P.S. This is a long comment. Haha.

Alisha Blair said...

April I had 4 c sections and also nursed all my babies for over 12 months minimum with no problems. Don't read into the fears or deliveries others have had. I went in expecting full vaginal birth and had to have c section because my son was almost 9 lbs big baby also. I never felt like less of a woman I mean I birthed a baby no matter what and just because it doesn't come out vaginally doesn't mean anything!! You grew a healthy baby inside of you, and if anyone tells you different send them my way!!! my milk supply was great, you nurse instantly like you would a vaginal birth, you have more pain after but it's manageable if you have great help and a plan, I was sore and it was painful but it all is worth it for healthy baby!! I was scared to death of a c section I could have tried a v bac for my next kiddos but c section was my option and my dr and my choice!! Do what's best for you and baby trust your gut and your own instinct!! No one knows their body or baby as well as you do forget what other fears you hear!!! Just have a plan but be open for change and things change from moment to moment be open and trust your dr and your own instinct!! Sending positive vibes!!!

Deniz said...

Hon, for what it's worth - my two-penn'orth.

You made this baby, you are growing this baby, you are carrying this baby. You are this baby's precious mother - however the actual birth process happens. Never allow yourself to think for a moment that you are, or could be, in any way 'less'.

You will still have that beautiful skin on skin experience with your baby, even if you choose c-section.

As to recovery times, not so sure. Having seen how long it took for my neice to recovery after a very long and hard (assisted) vaginal delivery, she probably would have got through it faster and with less discomfort afterwards if she'd had a c-section.

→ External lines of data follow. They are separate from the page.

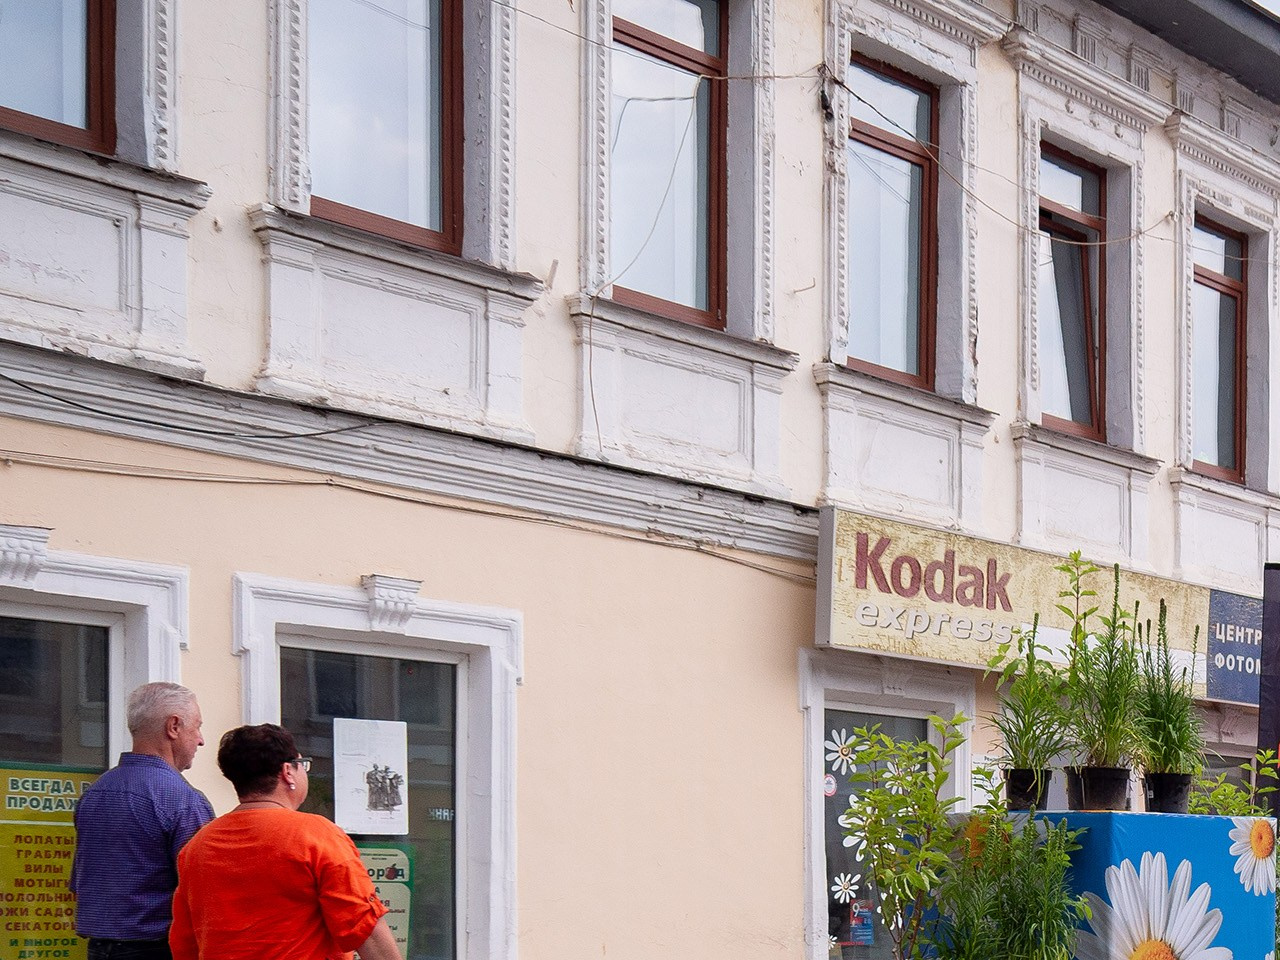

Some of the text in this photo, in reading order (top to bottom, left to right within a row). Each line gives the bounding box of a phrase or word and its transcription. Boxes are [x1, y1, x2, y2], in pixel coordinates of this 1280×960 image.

[854, 530, 1013, 612] Kodak
[854, 601, 1013, 645] express
[1215, 622, 1262, 645] ЦЕНТР
[9, 777, 76, 795] ВСЕГДА
[6, 795, 78, 812] ПРОДАЖ
[14, 835, 75, 846] ЛОПАТЫ
[16, 849, 72, 860] ГРАБЛИ
[24, 864, 64, 874] ВИЛЫ
[35, 907, 74, 918] САДО
[9, 938, 78, 947] И МНОГОЕ
[18, 949, 70, 959] ДРУГОЕ
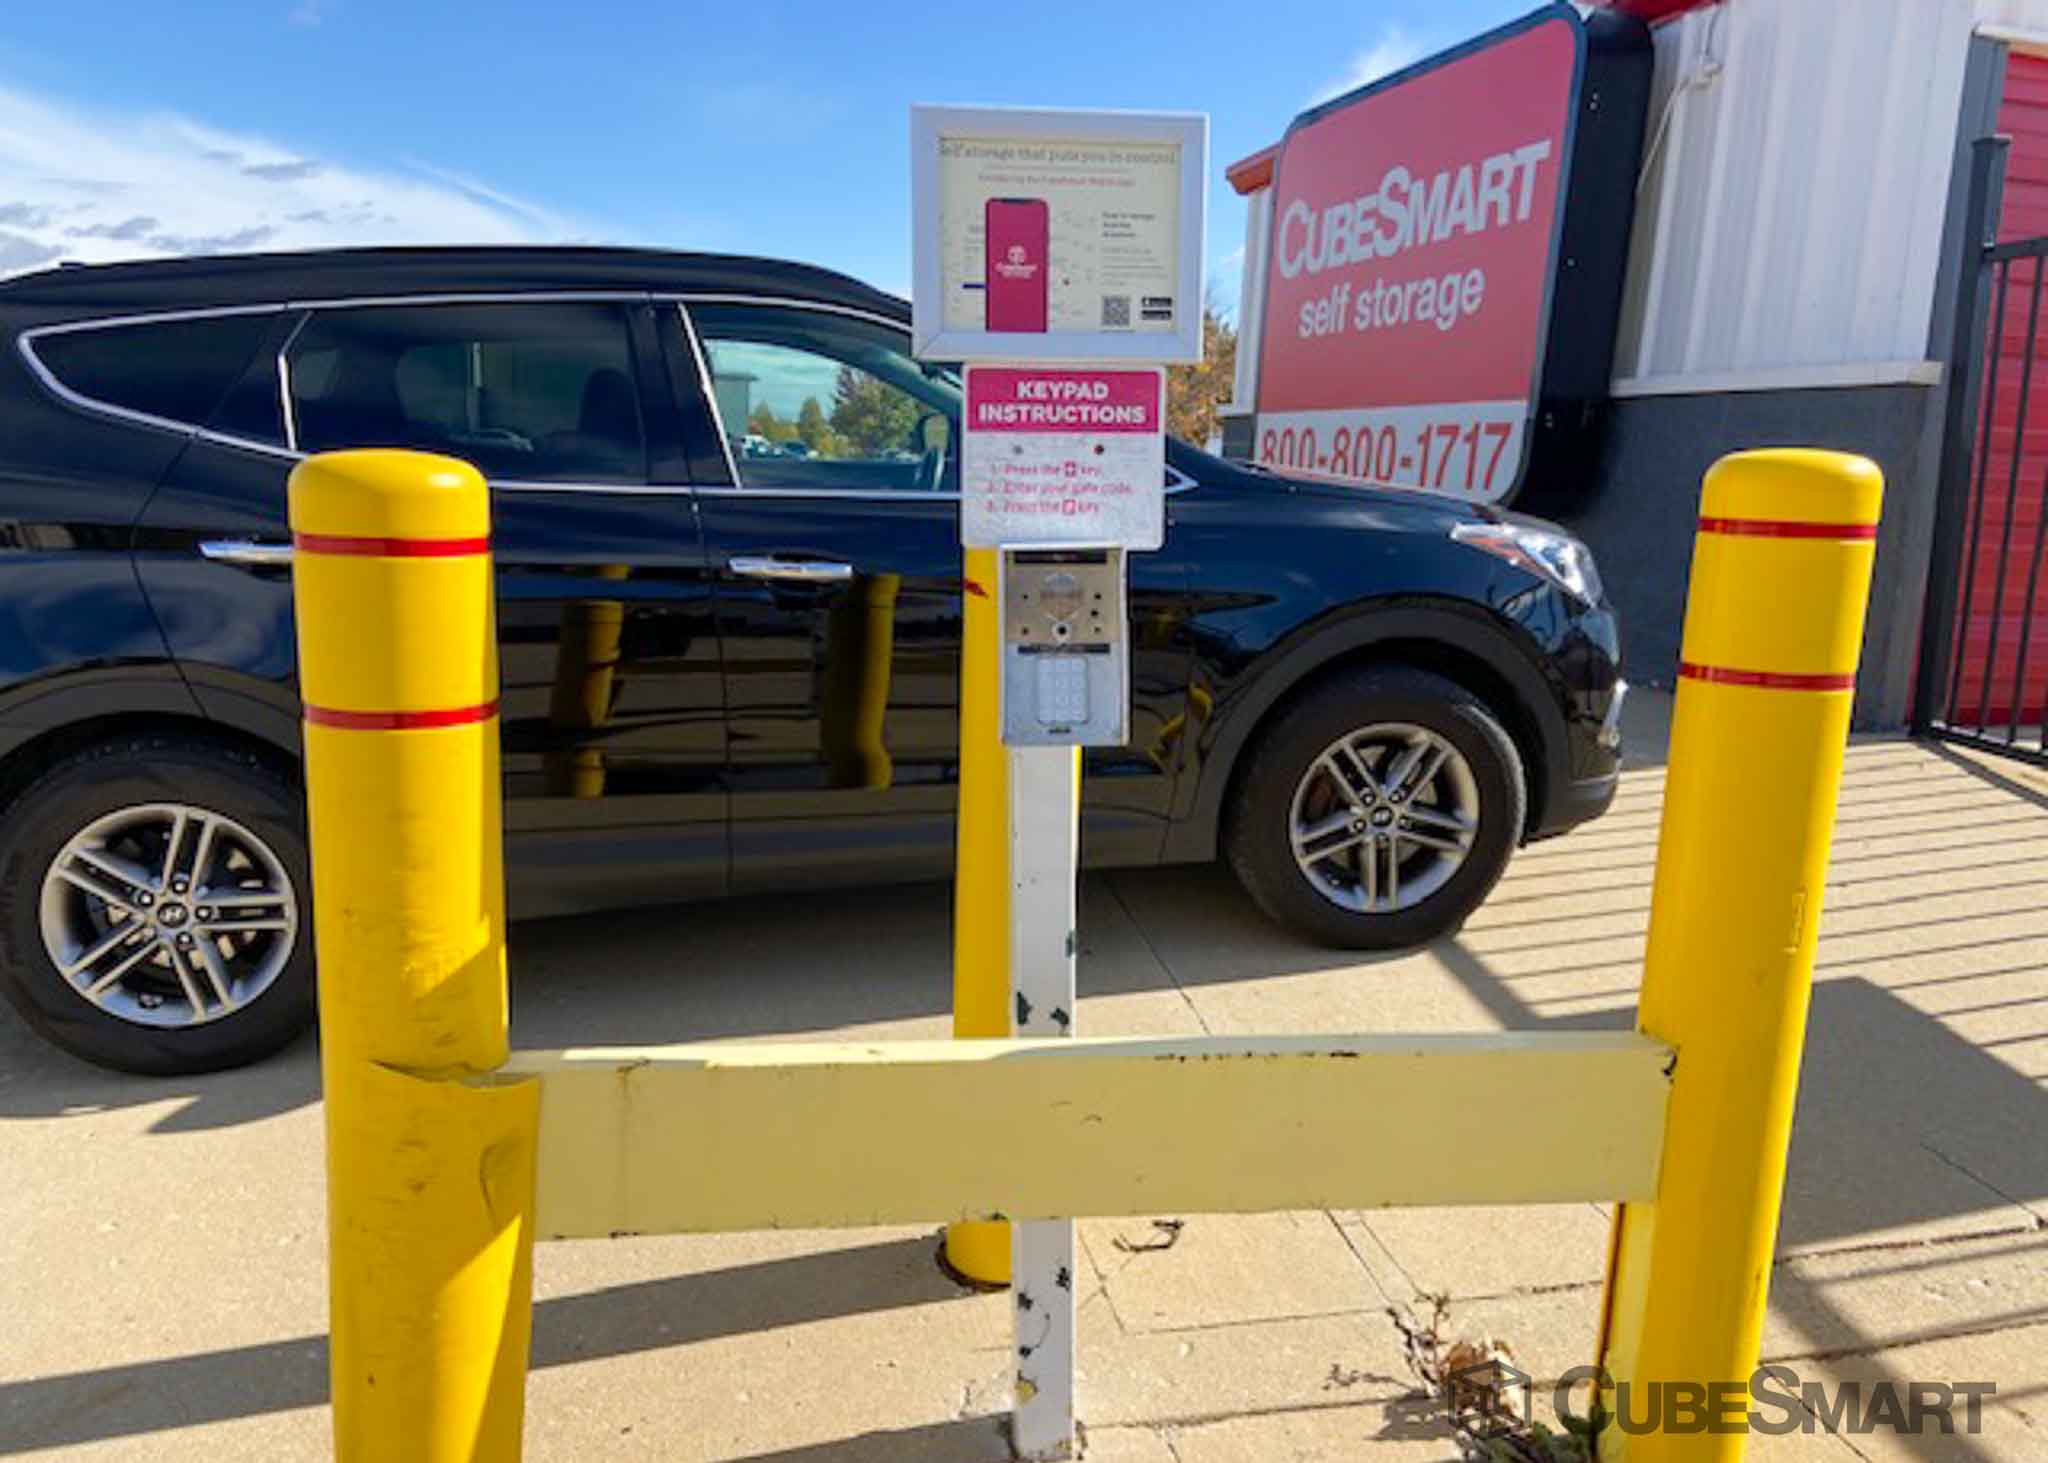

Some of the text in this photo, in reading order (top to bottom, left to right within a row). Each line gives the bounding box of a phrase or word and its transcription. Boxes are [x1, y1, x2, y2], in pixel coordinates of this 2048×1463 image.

[1017, 147, 1046, 160] that
[1299, 267, 1486, 338] self storage
[1016, 380, 1110, 400] KEYPAD
[978, 402, 1147, 424] INSTRUCTIONS
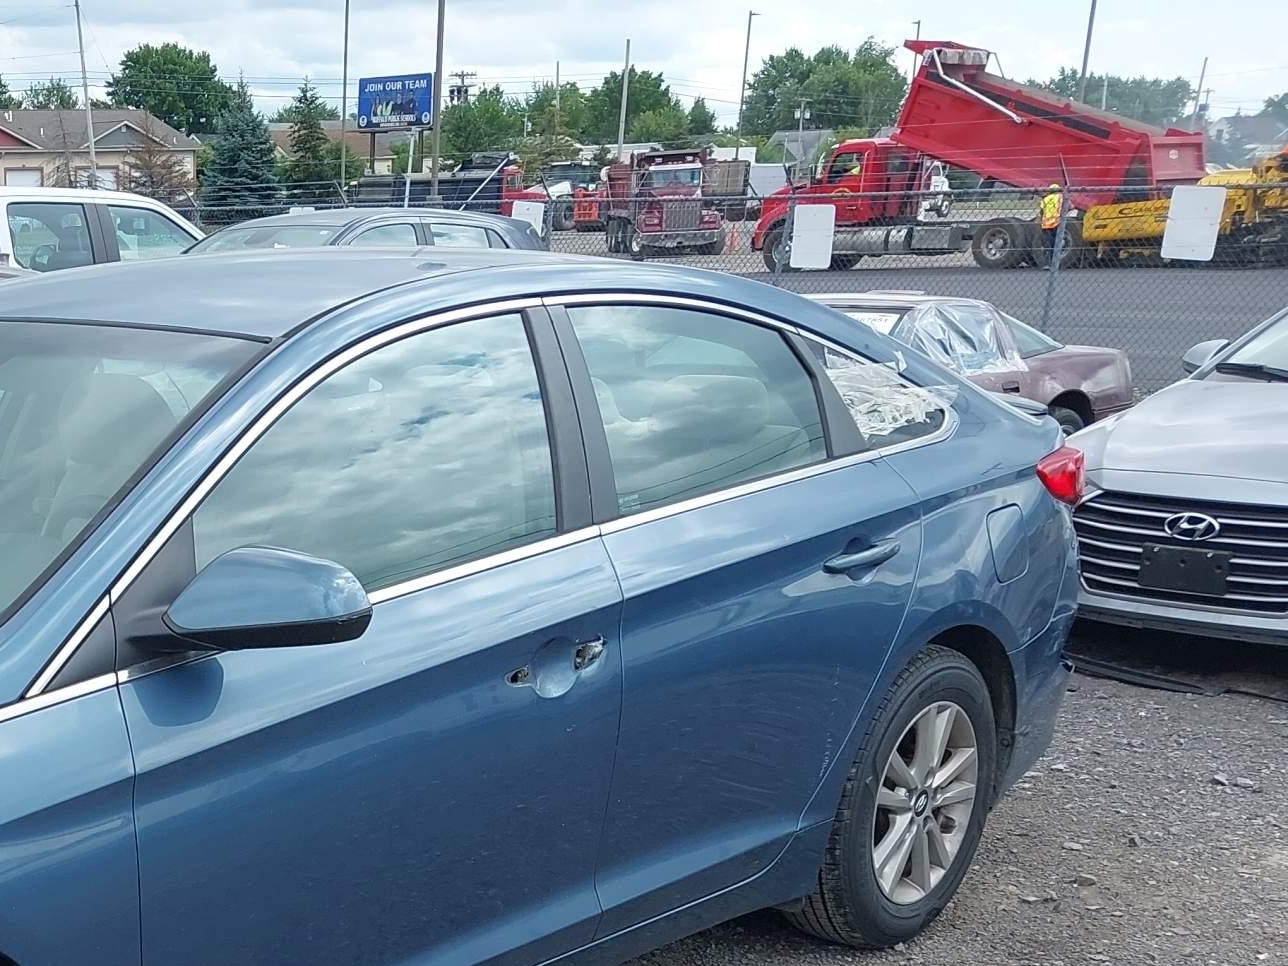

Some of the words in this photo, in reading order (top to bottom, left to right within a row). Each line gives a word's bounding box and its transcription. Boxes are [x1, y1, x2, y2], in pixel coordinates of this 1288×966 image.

[365, 83, 383, 92] JOIN
[385, 81, 402, 90] OUR
[405, 79, 427, 89] TEAM
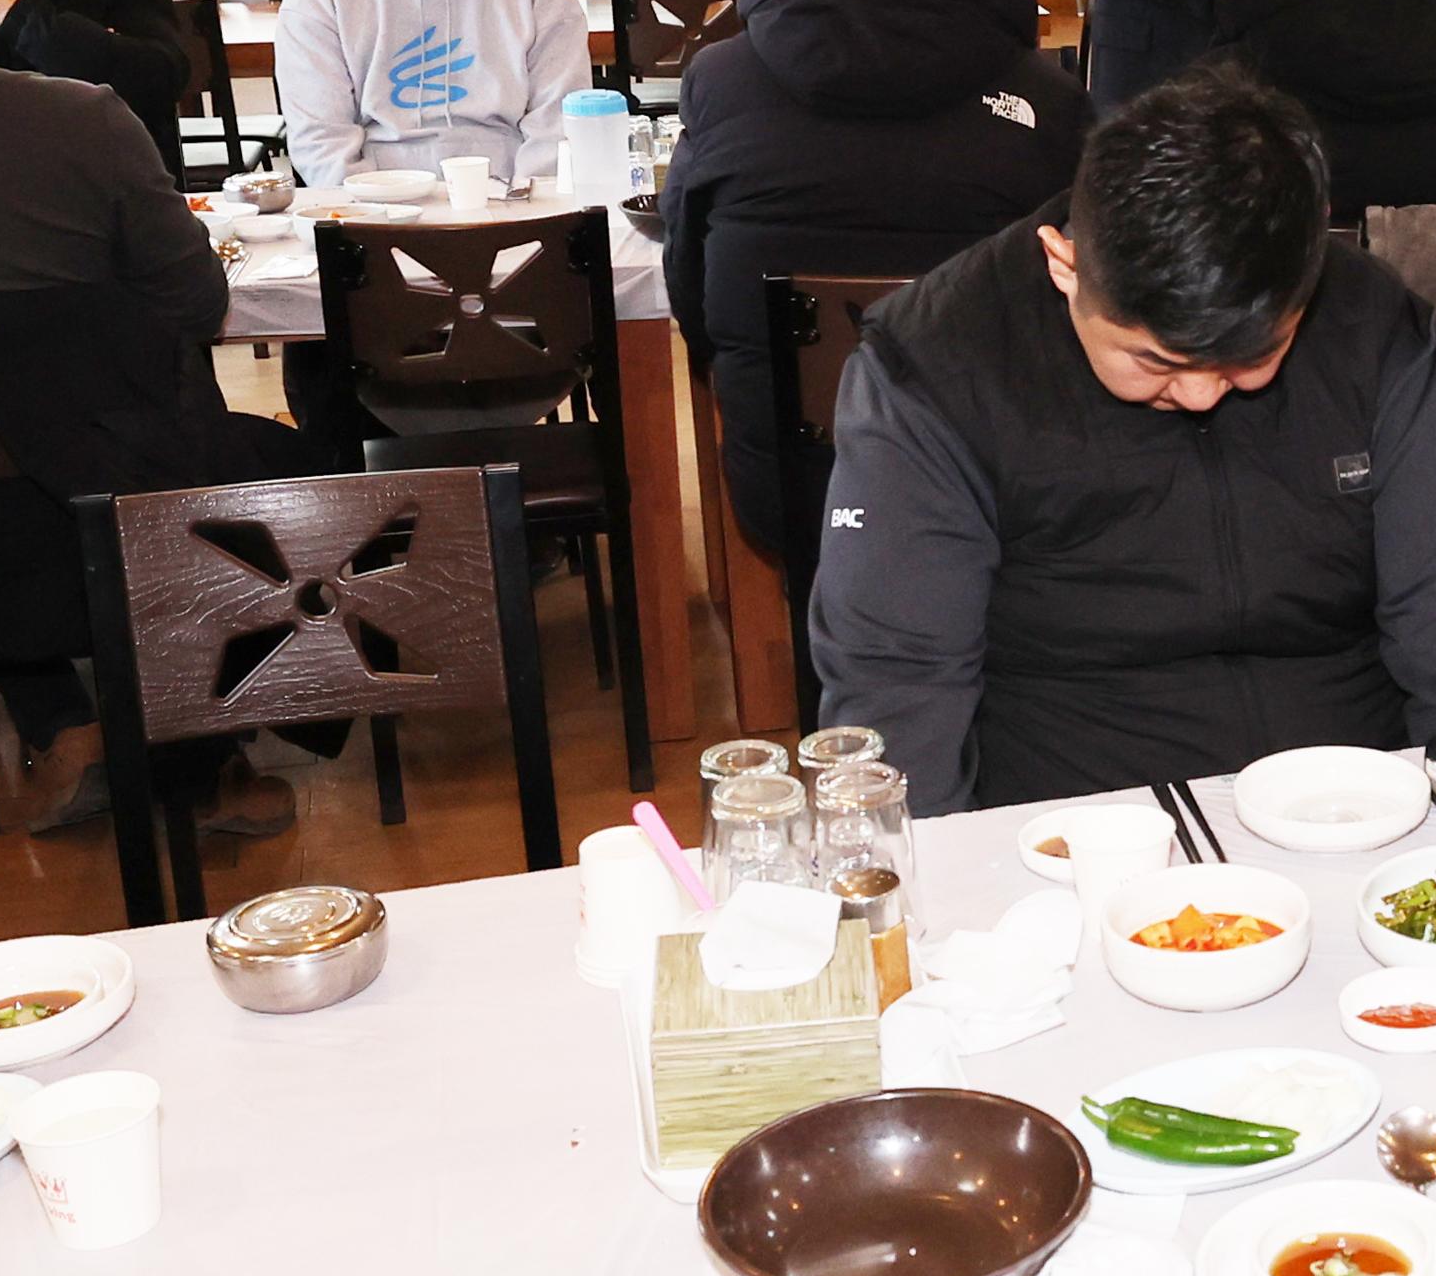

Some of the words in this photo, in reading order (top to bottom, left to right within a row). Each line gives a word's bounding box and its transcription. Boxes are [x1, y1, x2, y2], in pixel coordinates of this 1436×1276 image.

[982, 95, 1019, 113] NORTH
[998, 91, 1020, 105] THE
[992, 106, 1020, 121] FACE
[830, 507, 865, 529] BAC

But, it's your choice. Choose what feels safest and best for you and for your baby if you can, and try to make your peace with your decision.

Emily said...

Oh April this is so hard! I'm so sorry you're going through this right now. I wish I had an answer for you but you know of course that we can't decide for you. I never had a C-section but I know tons of women who have and ended up loving it. My friend Emilie had C-sections with her last 2 babies and she loved it so much! Her recovery wasn't too bad either time, plus it's kind of nice to know exactly when and how the baby is getting here. Mostly I just pray that you and Chris will be able to make a decision you feel good about...and that the baby will come early so you don't have to make a decision at all. :) I'm so sorry April!

Also, I never did skin to skin contact with my babies right away and I nursed all 3 babies with no problems, so that part isn't necessary to a healthy nursing experience. Just so you know. Love you!